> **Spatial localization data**
= Beginning of Section =

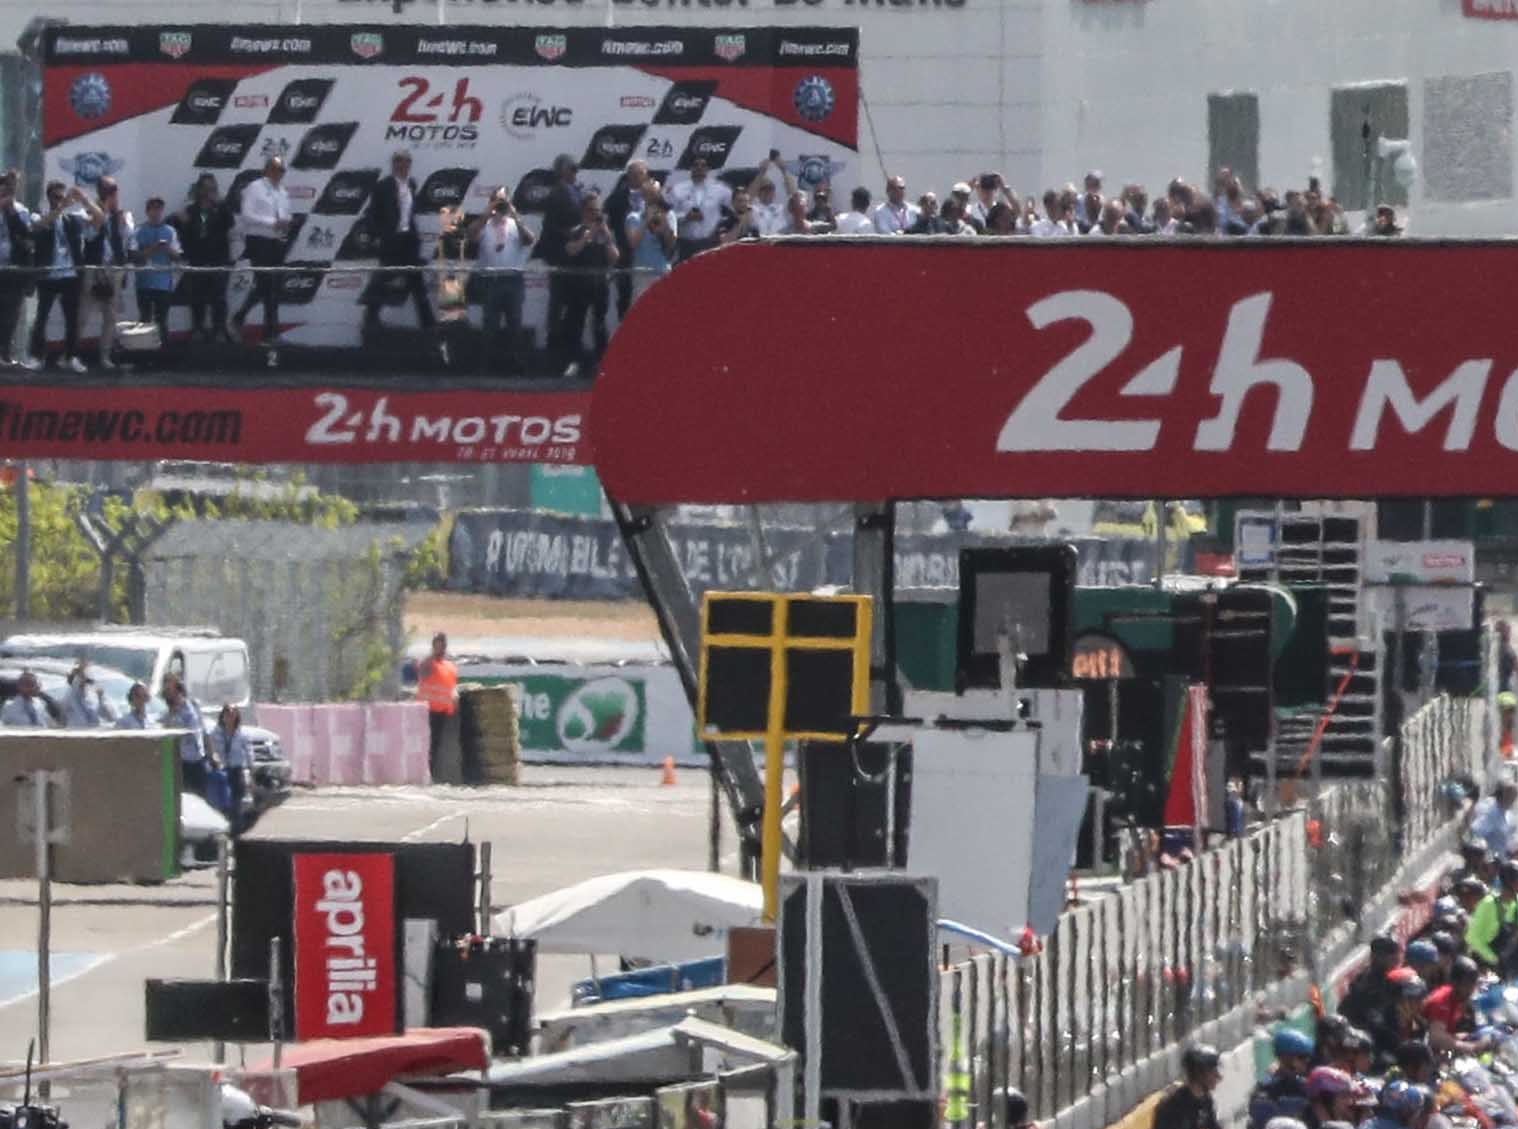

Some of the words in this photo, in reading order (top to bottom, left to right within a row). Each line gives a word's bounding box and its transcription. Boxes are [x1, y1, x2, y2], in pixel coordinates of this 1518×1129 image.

[512, 105, 573, 128] EWC
[384, 125, 480, 142] MOTOS
[411, 414, 582, 445] MOTOS
[316, 869, 377, 1026] aprilia
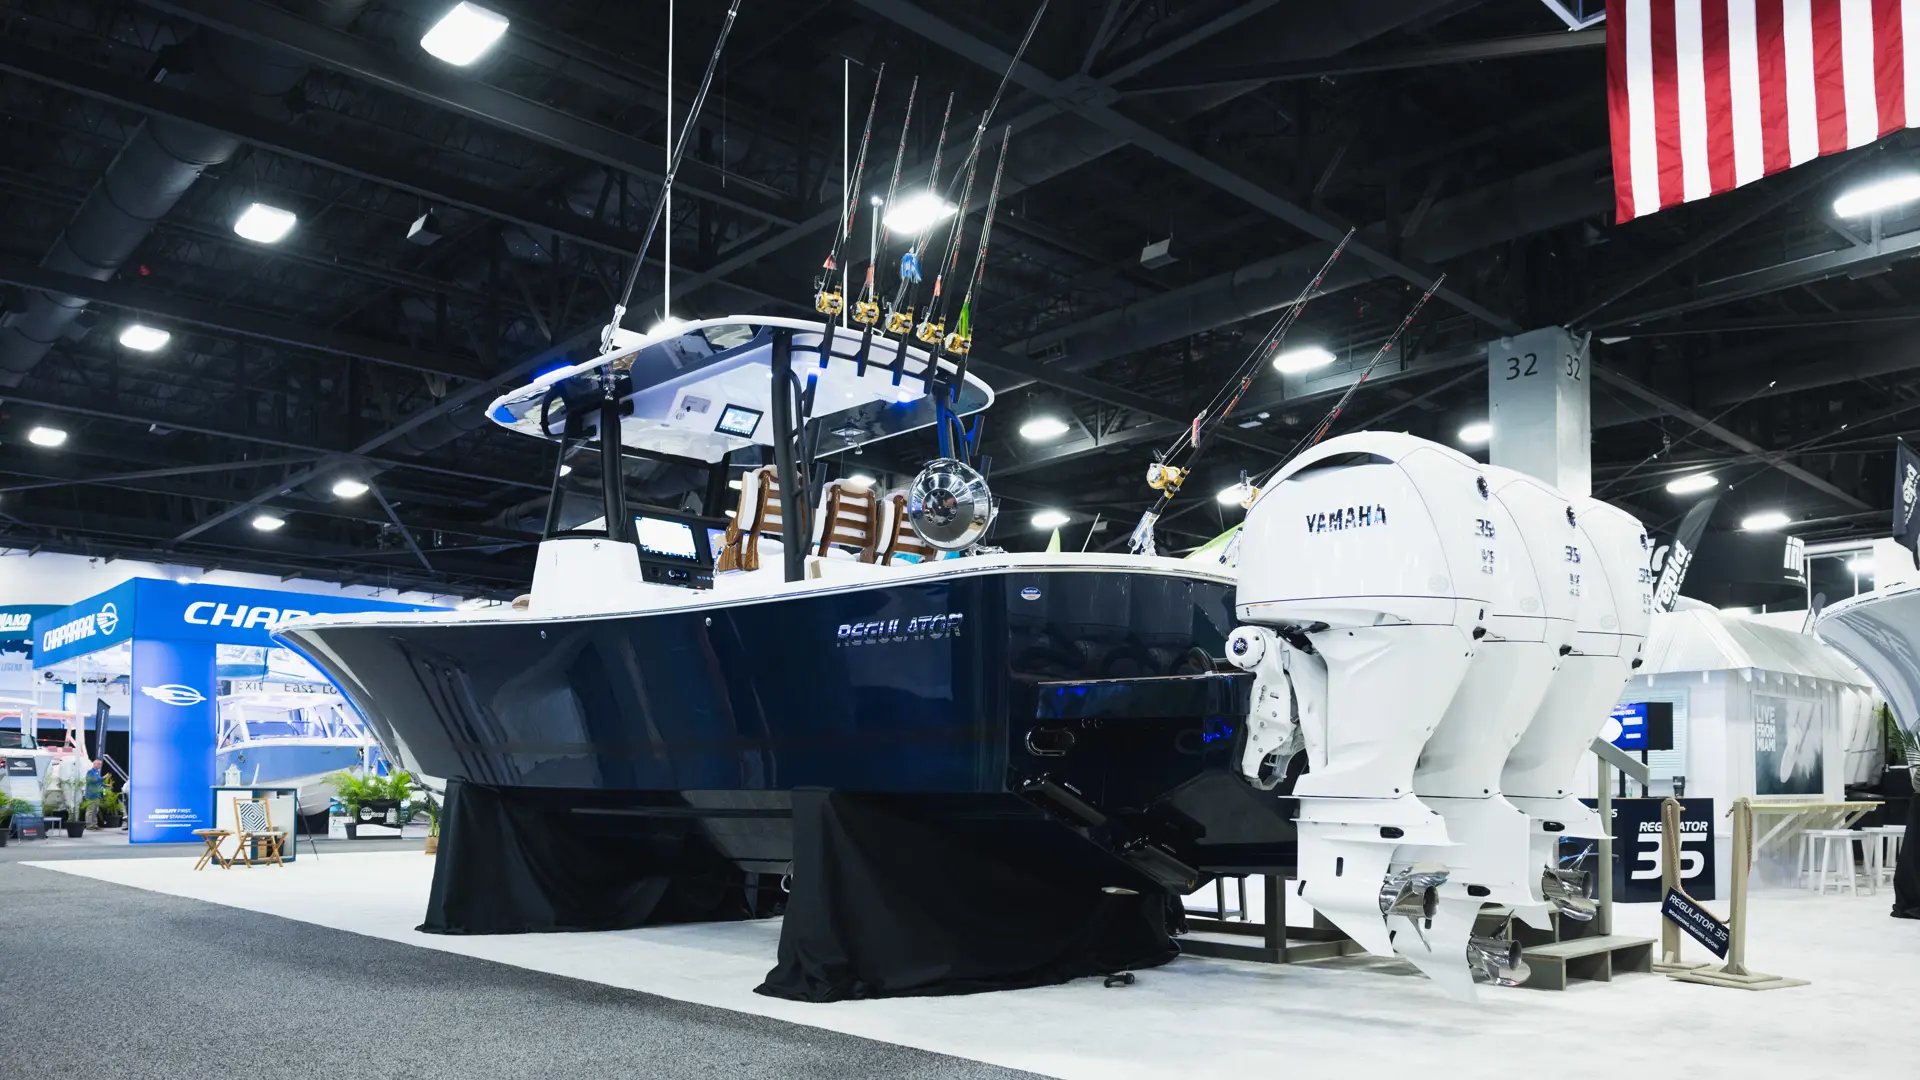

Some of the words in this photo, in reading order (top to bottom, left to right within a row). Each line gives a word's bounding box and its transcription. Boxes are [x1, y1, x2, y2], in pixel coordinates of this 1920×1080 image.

[1506, 353, 1538, 381] 32
[1566, 354, 1581, 381] 32
[1306, 504, 1387, 534] YAMAHA
[184, 601, 312, 630] CHAP
[836, 613, 963, 647] REGULATOR
[43, 613, 97, 652] CHAPARRAL
[1756, 704, 1776, 724] LIVE
[1756, 723, 1776, 738] FROM
[1757, 738, 1777, 752] MIAMI
[1639, 821, 1708, 832] REGATOR
[1631, 833, 1708, 879] 35
[1668, 908, 1690, 928] BOARDING
[1689, 924, 1705, 939] BEGINS
[1669, 894, 1716, 932] REGULATOR
[1714, 928, 1729, 942] 35
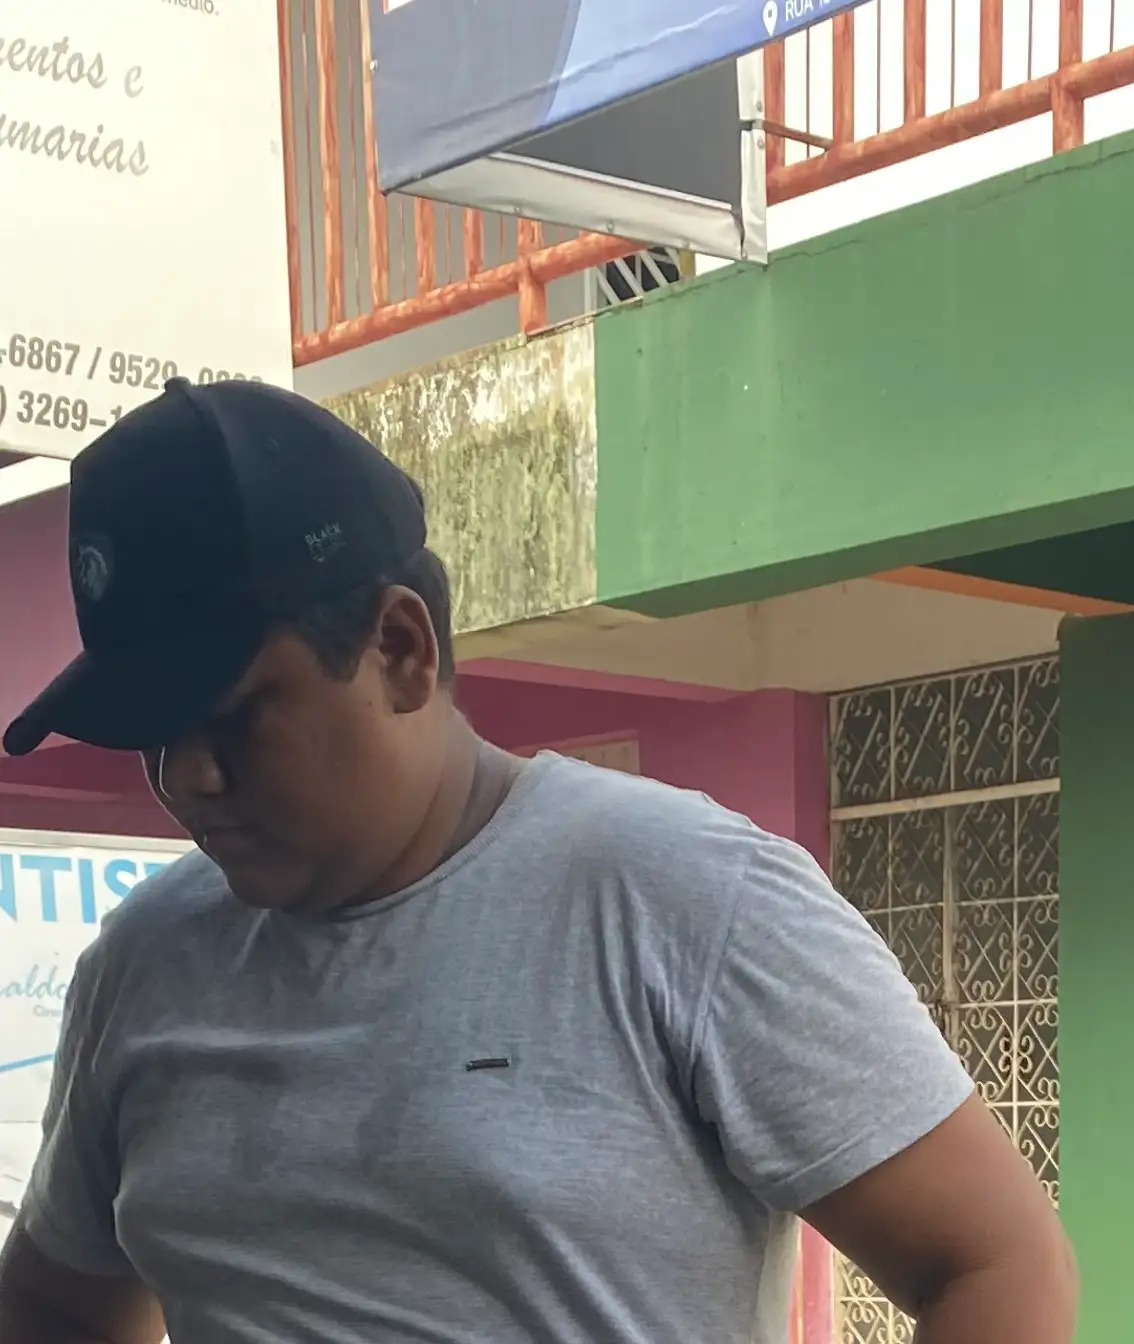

= End of Section =

> **TASK TO COMPLETE**
The records above are to be repeated exactly, with every picture removed from the copy.

> **ANSWER TO THIS PROBLEM**
Some of the words in this photo, in reading order (top to bottom, left to right within a row). Each line gives a word's bounding box and its transcription. Boxes are [x1, y1, x2, y2], in pixel coordinates of this 1518×1129 image.

[512, 105, 573, 128] EWC
[384, 125, 480, 142] MOTOS
[411, 414, 582, 445] MOTOS
[316, 869, 377, 1026] aprilia

Some of the words in this photo, in reading order (top to bottom, left to right within a row). Each line gives a word's bounding box and its transcription. Boxes are [x1, y1, x2, y2], in pixel coordinates of this 1920×1080 image.

[1506, 353, 1538, 381] 32
[1566, 354, 1581, 381] 32
[1306, 504, 1387, 534] YAMAHA
[184, 601, 312, 630] CHAP
[836, 613, 963, 647] REGULATOR
[43, 613, 97, 652] CHAPARRAL
[1756, 704, 1776, 724] LIVE
[1756, 723, 1776, 738] FROM
[1757, 738, 1777, 752] MIAMI
[1639, 821, 1708, 832] REGATOR
[1631, 833, 1708, 879] 35
[1668, 908, 1690, 928] BOARDING
[1689, 924, 1705, 939] BEGINS
[1669, 894, 1716, 932] REGULATOR
[1714, 928, 1729, 942] 35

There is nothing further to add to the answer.